After that the river grew broader, until at last they rolled out past the rocks of Labrador into the Atlantic, and it was scarcely a fortnight since they left Vancouver when one night the liner steamed into the Mersey. Rows of lights blinked at them through the smoke and drizzle, whistles screamed, steamers crowded with passengers went by, and at last the tender swung alongside. Then amidst the bustle and confusion a gentleman forcing his way through the groups of travellers grasped Appleby's hand, and he saw his comrade, who did not seem abashed as he once would have done, being hugged publicly by Mrs. Niven.

In another minute she had turned to Appleby, and Mr. Niven led both of them under a big electric light. He stared hard at them, and then smiled at his wife.

"Well," he said slowly, "these are not the lads we sent away. The sea has done a good deal for them, and if I hadn't been looking for him I would scarcely have known my son."

It was a very happy party the tender took ashore, and for several days Mrs. Niven, who regaled the lads with dainties and fussed over them, would scarcely let Chriss out of her sight. On the third night, however, Mr. Niven called them into his own room.

"And now it's about time we had a little talk," he said with a trace of dryness in his smile, as, lighting a cigar, he laid the box on the table. "You can take one if you like. No doubt you know the flavour by this time, and it would take a good deal to hurt you now."

Chriss grinned at Appleby. "As a matter of fact we found that out at Sandycombe, sir, though the results were very far from encouraging," he said.

"No?" said Mr. Niven.

Appleby laughed. "I lost a good chance of winning the quarter-mile, and Chriss spent two Saturdays writing lines."

"I understand," said Mr. Niven dryly, "that you didn't get many luxuries on board the _Aldebaran_."

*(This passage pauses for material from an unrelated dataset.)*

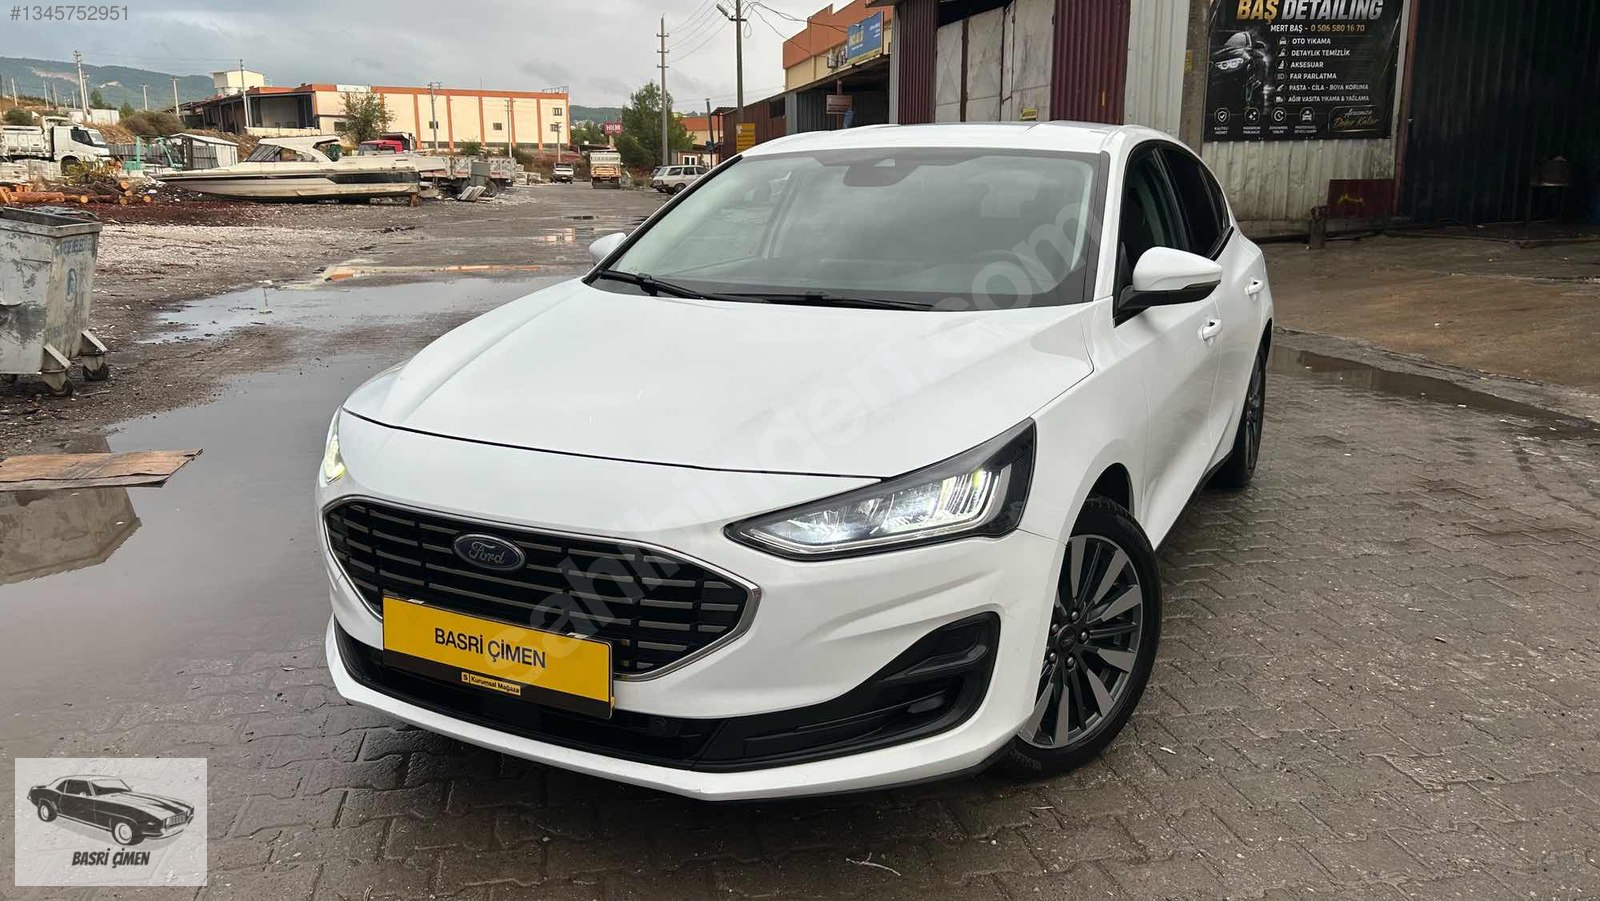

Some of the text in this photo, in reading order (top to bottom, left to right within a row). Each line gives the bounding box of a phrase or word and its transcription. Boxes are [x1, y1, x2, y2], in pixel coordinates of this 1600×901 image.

"We didn't," said Chriss. "Still, after a month or so, there wasn't much we couldn't eat except the stuff in one barrel the pickle had run out of. Appleby tried it once when we hadn't had anything worth mentioning for a week. Tom, how long did you revel in that pork?"

"About two minutes," said Appleby. "Eating it wasn't quite as nice as skinning holluschackie."

Mr. Niven nodded, but there was a twinkle in his eyes, and once more he noticed the steadiness with which they returned his gaze, and that though they smiled there was a new gravity in their sea-tanned faces.

"I fancy you have found out how much one can do without, and that is a good deal gained," he said. "Still, all that is beside the question, for I want to know right off how you like the sea, and I've no use for anything but the straightest kind of talking."

Chriss seemed a trifle astonished. "That was just how Ned Jordan spoke," he said.

Mr. Niven laughed. "You may remember that I have been over a good deal of Canada on business and in Vancouver. In fact, you may do so too. It depends on your answer to my question."

Chriss sat silent for almost a minute in place of speaking at once, which is more than he would have done before he went to sea. Then he answered very slowly.

"Well, I like the sea, and would be willing to go back again, but not--if it could be helped--in the _Aldebaran_. Still, after what I have seen of it, I fancy I could be quite content to live ashore if there were other things for me to do."